Schedule Jan 20, 2022
Horizon equations
Jerzy Lewandowski, University of Warsaw
Cite as: doi:10.26081/K6D344

The extremity assumptions imposes a set of non-trivial equations on the intrinsic and extrinsic geometry of the horizon. Some of them already got more attention since they are applied in the near horizon geometries (NHG), some other are less know. All of them are very important for the existence and uniqueness of extremal black hole solutions to Einstein's equations. In 4d spacetime, an integrability condition for the NHG equation is available that is satisfied by the family of non-extremal horizon geometries, namely by those that are of the Petrov type D. What is special about that equation, is that its solutions exhibit similar properties to those proved in the global black hole spacetime theory: spherical topology of horizon cross sections, rigidity, no-hair.
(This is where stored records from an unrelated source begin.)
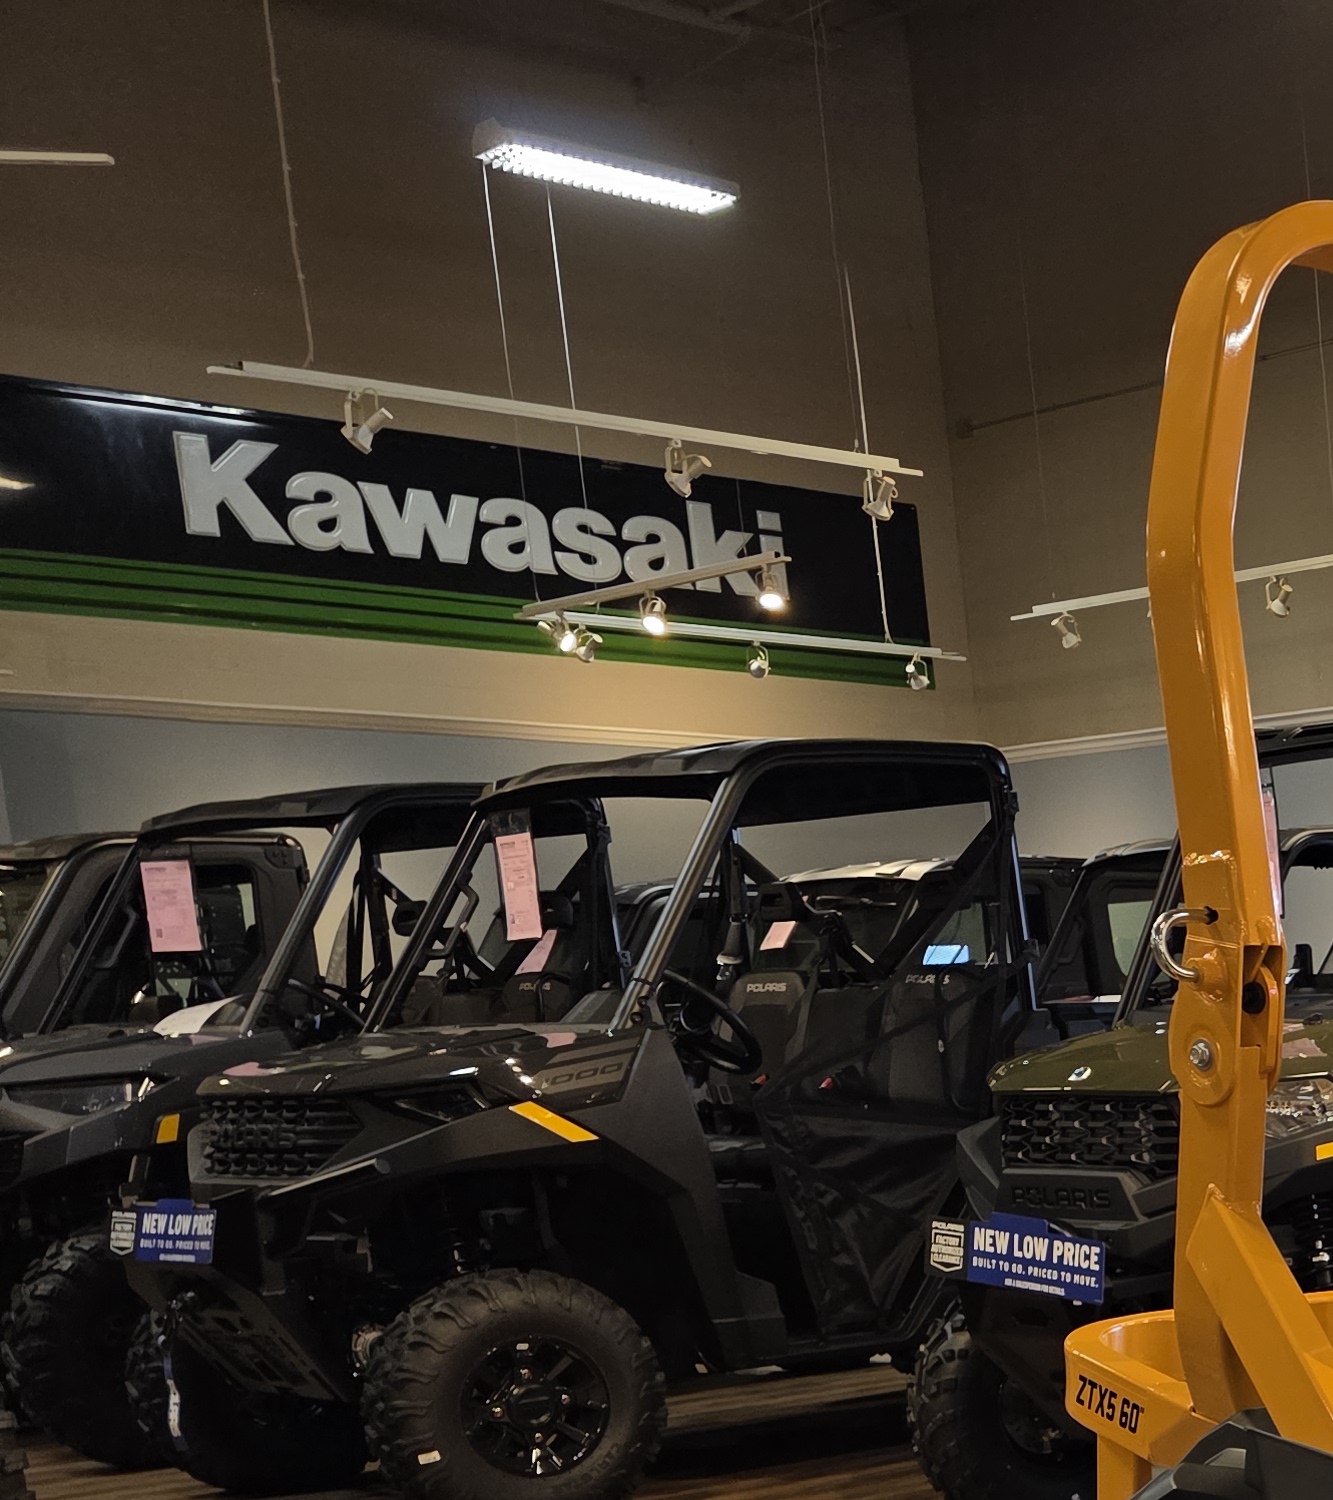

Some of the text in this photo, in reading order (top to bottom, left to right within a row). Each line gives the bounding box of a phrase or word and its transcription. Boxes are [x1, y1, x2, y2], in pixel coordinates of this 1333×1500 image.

[172, 430, 789, 602] Kawasaki
[746, 982, 787, 993] POLARIS
[1011, 1186, 1111, 1209] POLARIS
[142, 1212, 167, 1235] NEW
[168, 1214, 192, 1236] LOW
[973, 1227, 1101, 1271] NEW LOW PRICE
[972, 1256, 997, 1270] BUILT
[999, 1260, 1009, 1272] TO
[1028, 1265, 1058, 1281] PRICED
[1060, 1271, 1071, 1283] TO
[1073, 1274, 1099, 1288] MOVE.
[1076, 1374, 1118, 1422] ZTX5
Extension of the research to the horizons that had a Hopf bundle structure led to interesting results about the global structure of the Kerr-NUT-(A)dS spaces. Misner's construction was generalised to the case when none of the three parameters (NUT, Kerr, and the cosmological constant) vanishes. The resulting family contains also exact solutions to Einstein's equations that admit no horizon or nowhere time like Killing vector and describe a topologically spherical universe evolving from the past scry to the future scry in a non-singular manner.